Чтобы победить в бреши, человеку нужна ярость, чистая и горячая, но может помочь и идея, даже самая простая. У Шарпа была даже не идея, а беспочвенная надежда, вполне заслуживающая имени «Отчаянная» - но больше не было ничего, поэтому он снова и снова изучал равелин, так приветливо расположившийся у подножия третьей бреши. Пересекая его поперек, не было ни шанса избежать картечи: любой, кто пытался это сделать, тут же превращался под ураганным огнем в ничтожный кусок мяса. Но третья брешь была самой новой, и у французов не было времени снабдить ее ловушками: Шарп видел, что даже chevaux de frise здесь был короче и перекрывал не весь проход: по правой стороне оставалось пространство, куда вполне можно протиснуться втроем. Понять бы только, как туда добраться: ров по-прежнему был непроходим, ярость огня не пошла на убыль, оставался только путь через равелин. Нужно взобраться на него, пересечь и спрыгнуть в ров, причем сделать это, не обращая внимания на пламя, как можно ближе к углу ромба, где его стороны сходятся: так путь будет короче, а французы не успеют среагировать и толком прицелиться.

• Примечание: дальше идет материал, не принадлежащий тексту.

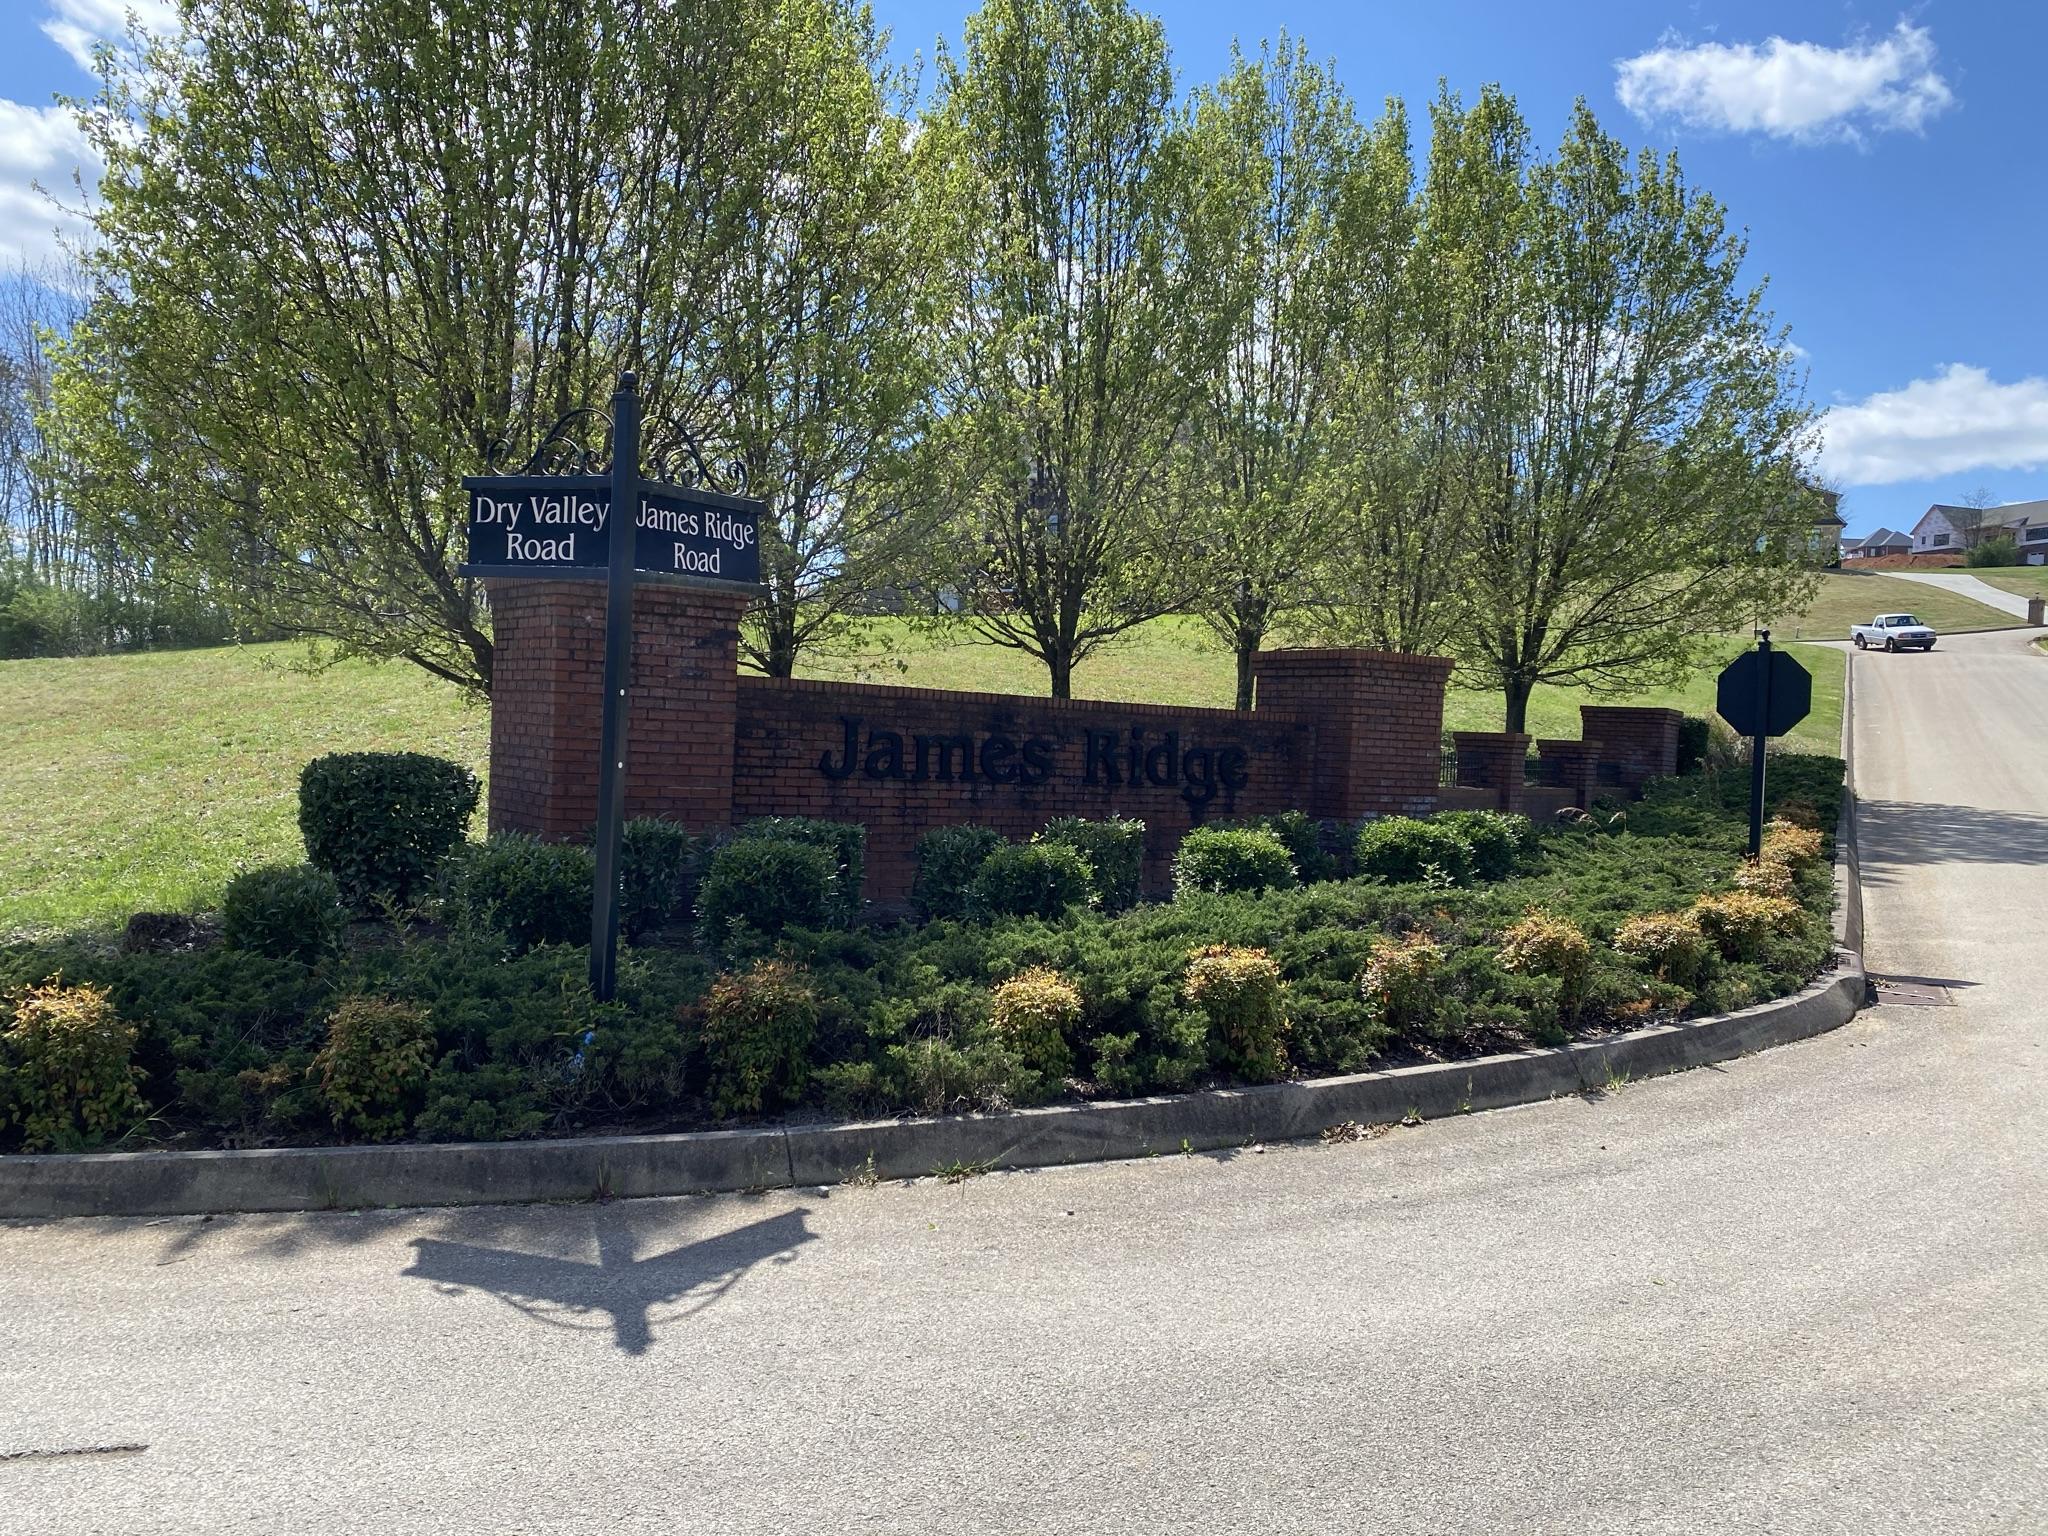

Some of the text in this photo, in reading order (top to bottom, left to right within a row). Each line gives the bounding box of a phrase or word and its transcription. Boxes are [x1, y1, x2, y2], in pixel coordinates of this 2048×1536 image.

[475, 496, 610, 532] Dry Valley
[636, 500, 755, 550] James Ridge
[505, 533, 575, 561] Road
[673, 542, 721, 574] Road
[819, 715, 1249, 802] James Ridge
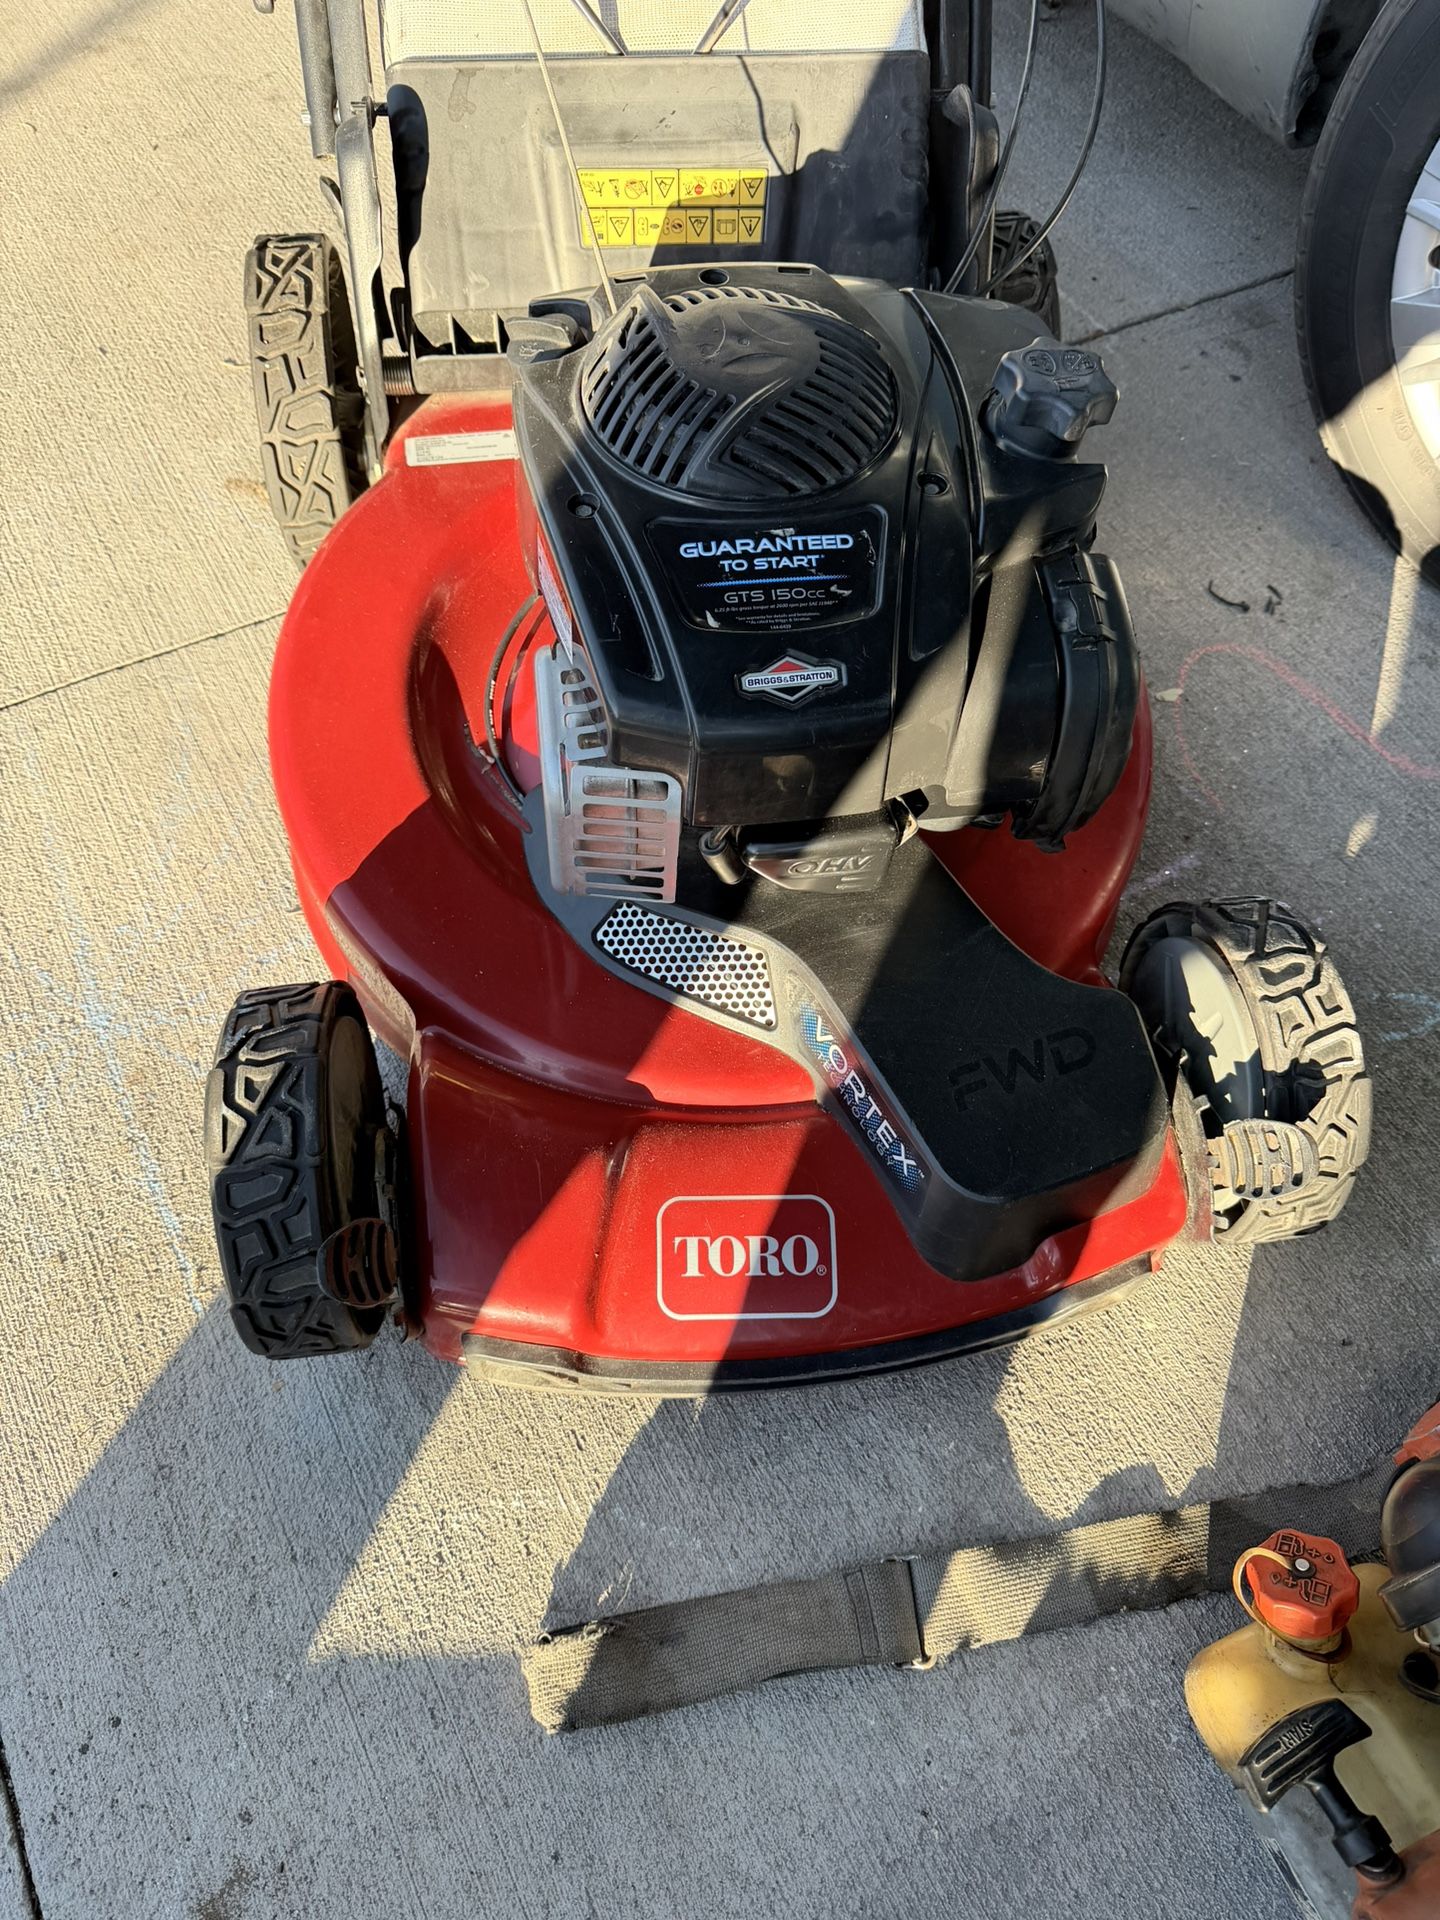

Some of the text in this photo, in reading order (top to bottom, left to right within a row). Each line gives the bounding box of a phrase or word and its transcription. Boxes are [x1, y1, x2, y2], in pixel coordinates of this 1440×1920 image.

[679, 534, 854, 558] GUARANTEED
[720, 558, 748, 572] TO
[724, 587, 826, 604] GTS 150cc
[788, 855, 876, 875] OHV
[947, 1026, 1097, 1112] FWD
[1278, 1719, 1314, 1754] START

Он не имел права брать с собой роту: дело было для «Отчаянной надежды», порожденной безысходностью и взращенной на остатках гордости – а значит, для добровольцев, самых храбрых и самых глупых. Шарп знал, что может не идти туда сам – но ему не нужно еще не остывшее место погибшего: свое капитанство он завоюет сам. Во рву постепенно затихал ужас последней атаки, в пространстве между брешами установилось что-то вроде перемирия: пока британцы не высовывались из-за равелина, канониры не обращали на них внимания. Но стоило самой маленькой группке людей вступить в огненный круг перед брешью, пушки начинали плеваться огнем и картечью. Где-то далеко на гласисе, в темноте, слышались приказы: готовилась новая атака, которая бросит в ров последние резервы дивизиона – и если решение прорваться по узкому краю равелина могло сработать, то только сейчас, только в этот безнадежный момент. Шарп повернулся к своим людям и достал палаш: лезвие блеснуло в ночи, свистнула сталь. Лица расположившихся на склоне людей, обращенные к нему, были бледны.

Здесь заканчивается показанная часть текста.